### Programming in life sciences

[Anaconda](https://www.anaconda.com/download/success)

`conda create --name new_env`

`conda activate new_env`

Install libraries you want in isolated env

### Predicting open/close conformation of a kinase model



<b>Lecture 1.1: Introduction to alignments - exercise: align two homologous kinases (given as fasta files)</b>

Lecture 1.2: Introduction to superpositions - exercise: get RMSD of two structures

Lecture 2: Introduction to AlphaFold - exercise: get models from AlphaFold and classify them as open/close, do the same for models from Swiss-Model and AlphaFold-dropout

Lecture 3: Ligand docking (DiffDock) - exercise: get docking from DiffDock colab, find interacting atoms and visualize docking

### 1. Lecture: Needleman-Wunsch algorithm

In this exercise, we want to align two sequences obtained from fasta files

In [11]:
# numpy is a library providing a lot of numerical mathematical functionalities
# here we only use it to store stuff in matrices
import numpy as np

# we create a new class that will be used to define substitution matrices
class SubstitutionMatrix:
  """Read, store and analyse substitution matrices, default = BLOSUM62"""

  # this is the constructor function! When you create a new instance of type
  # Substitution Matrix, this function gets called. By default it reads in
  # the provided file: blosum62.txt... you can create your own matrix if
  # you like ;)
  def __init__(self, data_file: str = "blosum62.txt"): # takes datafile downloaded from adam
    """ Constructor function for the SubstitutionMatrix class
    Parameters
    ----------
    data_file : string
        Filename of the substitution matrix to read in, must contain 21 lines,
        with the first line containing the 20 amino acid one letter codes,
        by default reads the blosum62.txt matrix in the current folder
    """
    
    # read all the lines from the file at once  ('r' = read)
    with open(data_file,'r') as fh:
      data = fh.readlines()

    # the size of subsitution matrices must be 20x20
    # the first line of the file gives the amino acid one letter codes
    # which gives a total of 21 lines in the file
    if len(data) != 21:
      err = "Expected exactly 21 lines in matrix file!"
      err += " One line defining the amino acid one letter codes and "
      err += "20 lines defining the substitution matrix"
      raise RuntimeError(err)    

    # get the amino acid one letter codes
    self.one_letter_codes = data[0].strip()

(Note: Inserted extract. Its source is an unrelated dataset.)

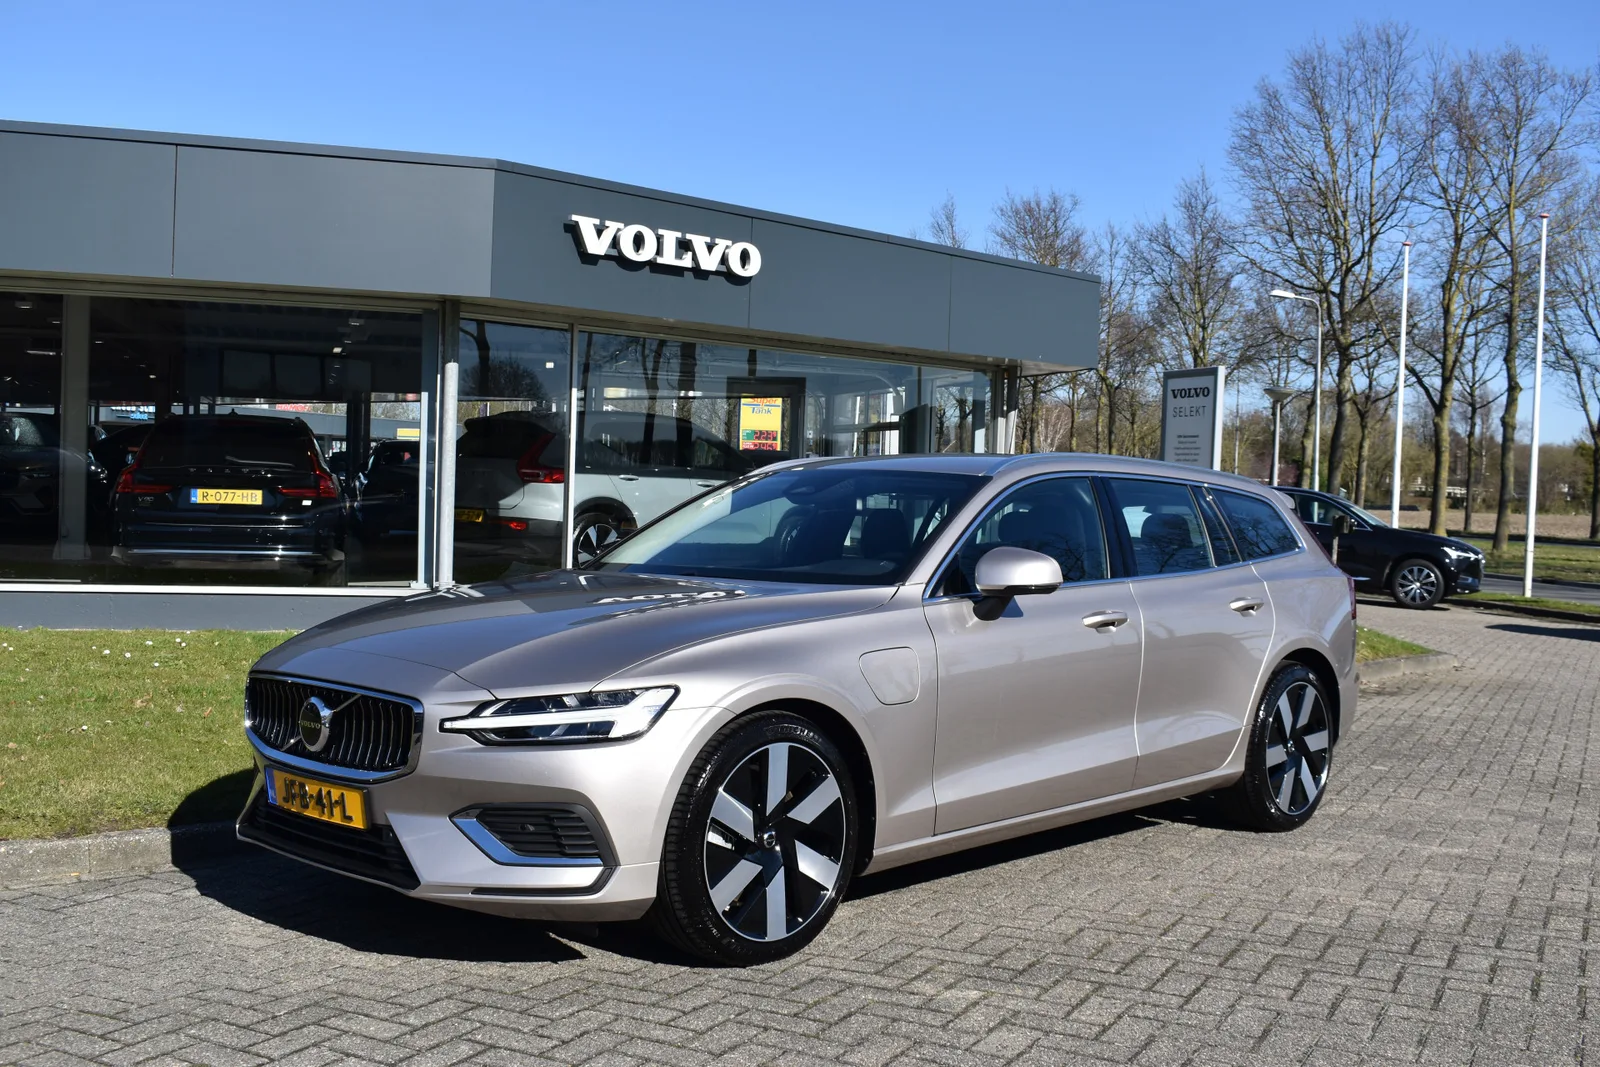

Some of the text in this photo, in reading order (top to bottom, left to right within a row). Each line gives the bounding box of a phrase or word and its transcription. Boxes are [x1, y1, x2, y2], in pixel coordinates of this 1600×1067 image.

    # check that 20 amino acids are defined
    if len(self.one_letter_codes) != 20:
      err = "First line must contain exactly 20 letters representing "
      err += "the amino acids!"
      raise RuntimeError(err)

    # initialize the substitution matrix with zeros
    self.matrix = np.zeros((20,20))

    # fill in the matrix by reading the file line by line
    # note that range returns a vector starting at 0 to the integer in argument - 1 
    for i in range(20):
      data_line = data[1+i].split()
      if len(data_line) != 20:
        raise RuntimeError("Each data line must contain exactly 20 elements!")
      for j in range(20):
        self.matrix[(i,j)] = int(data_line[j])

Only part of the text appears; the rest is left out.